Even where a line looks wrong, copy it exactly and include every entry.

## DATA SHOWN
- - - -
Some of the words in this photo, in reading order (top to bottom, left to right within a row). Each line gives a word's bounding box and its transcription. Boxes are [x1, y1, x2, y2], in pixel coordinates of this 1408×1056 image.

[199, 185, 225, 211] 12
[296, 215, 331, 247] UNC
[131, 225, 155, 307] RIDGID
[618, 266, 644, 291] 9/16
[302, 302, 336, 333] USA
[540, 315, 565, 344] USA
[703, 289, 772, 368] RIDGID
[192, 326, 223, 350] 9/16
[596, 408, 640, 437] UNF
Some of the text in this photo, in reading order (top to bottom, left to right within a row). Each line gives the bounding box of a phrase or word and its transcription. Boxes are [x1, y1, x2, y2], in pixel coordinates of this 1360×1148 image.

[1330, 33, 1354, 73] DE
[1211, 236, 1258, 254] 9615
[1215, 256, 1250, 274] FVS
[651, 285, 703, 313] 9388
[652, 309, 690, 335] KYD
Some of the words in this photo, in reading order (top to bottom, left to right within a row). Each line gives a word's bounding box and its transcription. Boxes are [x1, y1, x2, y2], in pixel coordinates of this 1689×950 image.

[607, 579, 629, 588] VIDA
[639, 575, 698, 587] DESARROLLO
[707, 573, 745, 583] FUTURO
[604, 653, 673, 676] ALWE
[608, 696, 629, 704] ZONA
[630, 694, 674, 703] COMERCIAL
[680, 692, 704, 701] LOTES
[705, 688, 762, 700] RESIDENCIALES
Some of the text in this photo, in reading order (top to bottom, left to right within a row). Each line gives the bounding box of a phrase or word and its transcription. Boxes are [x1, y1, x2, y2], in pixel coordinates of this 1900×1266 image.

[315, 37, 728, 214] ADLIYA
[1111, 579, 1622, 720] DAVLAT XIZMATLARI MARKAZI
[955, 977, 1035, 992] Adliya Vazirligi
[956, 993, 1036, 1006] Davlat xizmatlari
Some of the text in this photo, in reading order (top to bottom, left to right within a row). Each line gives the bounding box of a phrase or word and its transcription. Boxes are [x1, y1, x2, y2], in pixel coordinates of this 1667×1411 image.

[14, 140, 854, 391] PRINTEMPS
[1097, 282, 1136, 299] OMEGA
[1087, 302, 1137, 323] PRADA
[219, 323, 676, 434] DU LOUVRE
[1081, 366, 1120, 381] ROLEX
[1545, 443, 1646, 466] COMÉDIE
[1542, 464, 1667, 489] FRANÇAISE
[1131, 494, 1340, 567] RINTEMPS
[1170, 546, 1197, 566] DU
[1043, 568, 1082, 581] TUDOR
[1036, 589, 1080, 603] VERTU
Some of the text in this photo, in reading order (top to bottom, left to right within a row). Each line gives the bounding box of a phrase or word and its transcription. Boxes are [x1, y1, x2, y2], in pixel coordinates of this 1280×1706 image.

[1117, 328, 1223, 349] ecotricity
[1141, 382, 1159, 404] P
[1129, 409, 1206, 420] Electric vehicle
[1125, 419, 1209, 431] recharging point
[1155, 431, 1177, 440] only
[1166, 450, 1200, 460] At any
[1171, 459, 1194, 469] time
- - - -
## RESULT
Some of the words in this photo, in reading order (top to bottom, left to right within a row). Each line gives a word's bounding box and its transcription. Boxes are [x1, y1, x2, y2], in pixel coordinates of this 1408×1056 image.

[199, 185, 225, 211] 12
[296, 215, 331, 247] UNC
[131, 225, 155, 307] RIDGID
[618, 266, 644, 291] 9/16
[302, 302, 336, 333] USA
[540, 315, 565, 344] USA
[703, 289, 772, 368] RIDGID
[192, 326, 223, 350] 9/16
[596, 408, 640, 437] UNF
Some of the text in this photo, in reading order (top to bottom, left to right within a row). Each line gives the bounding box of a phrase or word and its transcription. Boxes are [x1, y1, x2, y2], in pixel coordinates of this 1360×1148 image.

[1330, 33, 1354, 73] DE
[1211, 236, 1258, 254] 9615
[1215, 256, 1250, 274] FVS
[651, 285, 703, 313] 9388
[652, 309, 690, 335] KYD
Some of the words in this photo, in reading order (top to bottom, left to right within a row). Each line gives a word's bounding box and its transcription. Boxes are [x1, y1, x2, y2], in pixel coordinates of this 1689×950 image.

[607, 579, 629, 588] VIDA
[639, 575, 698, 587] DESARROLLO
[707, 573, 745, 583] FUTURO
[604, 653, 673, 676] ALWE
[608, 696, 629, 704] ZONA
[630, 694, 674, 703] COMERCIAL
[680, 692, 704, 701] LOTES
[705, 688, 762, 700] RESIDENCIALES
Some of the text in this photo, in reading order (top to bottom, left to right within a row). Each line gives the bounding box of a phrase or word and its transcription. Boxes are [x1, y1, x2, y2], in pixel coordinates of this 1900×1266 image.

[315, 37, 728, 214] ADLIYA
[1111, 579, 1622, 720] DAVLAT XIZMATLARI MARKAZI
[955, 977, 1035, 992] Adliya Vazirligi
[956, 993, 1036, 1006] Davlat xizmatlari
Some of the text in this photo, in reading order (top to bottom, left to right within a row). Each line gives the bounding box of a phrase or word and its transcription. Boxes are [x1, y1, x2, y2], in pixel coordinates of this 1667×1411 image.

[14, 140, 854, 391] PRINTEMPS
[1097, 282, 1136, 299] OMEGA
[1087, 302, 1137, 323] PRADA
[219, 323, 676, 434] DU LOUVRE
[1081, 366, 1120, 381] ROLEX
[1545, 443, 1646, 466] COMÉDIE
[1542, 464, 1667, 489] FRANÇAISE
[1131, 494, 1340, 567] RINTEMPS
[1170, 546, 1197, 566] DU
[1043, 568, 1082, 581] TUDOR
[1036, 589, 1080, 603] VERTU
Some of the text in this photo, in reading order (top to bottom, left to right within a row). Each line gives the bounding box of a phrase or word and its transcription. Boxes are [x1, y1, x2, y2], in pixel coordinates of this 1280×1706 image.

[1117, 328, 1223, 349] ecotricity
[1141, 382, 1159, 404] P
[1129, 409, 1206, 420] Electric vehicle
[1125, 419, 1209, 431] recharging point
[1155, 431, 1177, 440] only
[1166, 450, 1200, 460] At any
[1171, 459, 1194, 469] time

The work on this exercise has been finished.